What to produce: Your job here is to restate every record exactly, pictures excluded.

+---+

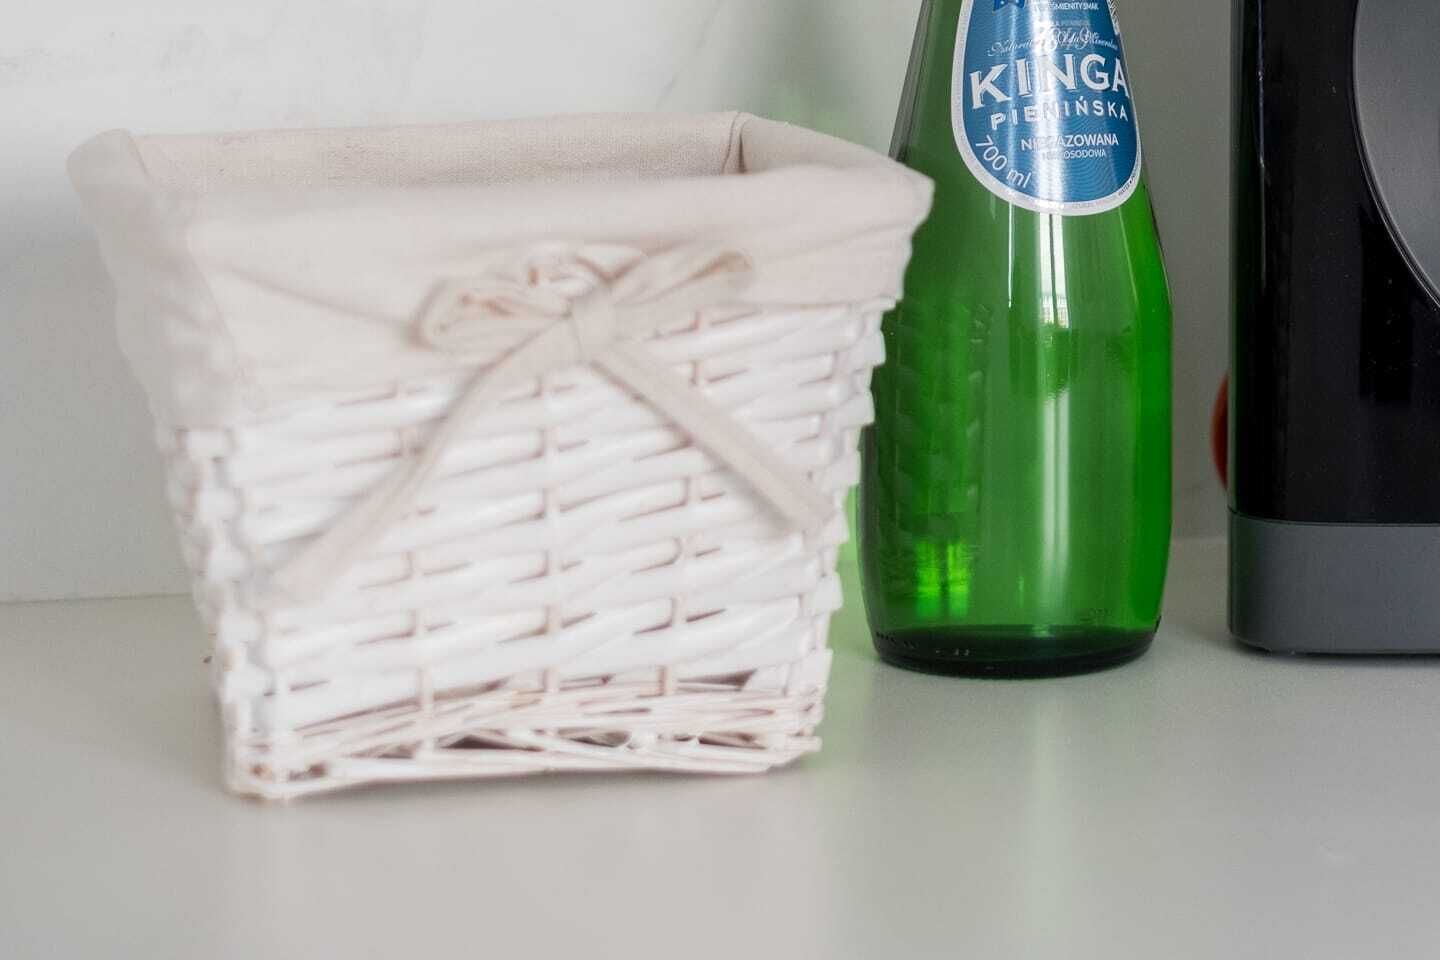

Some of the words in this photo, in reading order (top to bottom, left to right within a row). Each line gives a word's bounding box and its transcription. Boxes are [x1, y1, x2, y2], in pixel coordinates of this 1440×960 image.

[970, 53, 1130, 110] KINGA
[991, 95, 1129, 131] PIENIŃSKA
[976, 135, 1008, 172] 700
[1006, 168, 1032, 189] ml

+---+

Task output:
Some of the words in this photo, in reading order (top to bottom, left to right within a row). Each line gives a word's bounding box and its transcription. Boxes are [x1, y1, x2, y2], in pixel coordinates of this 1440×960 image.

[970, 53, 1130, 110] KINGA
[991, 95, 1129, 131] PIENIŃSKA
[976, 135, 1008, 172] 700
[1006, 168, 1032, 189] ml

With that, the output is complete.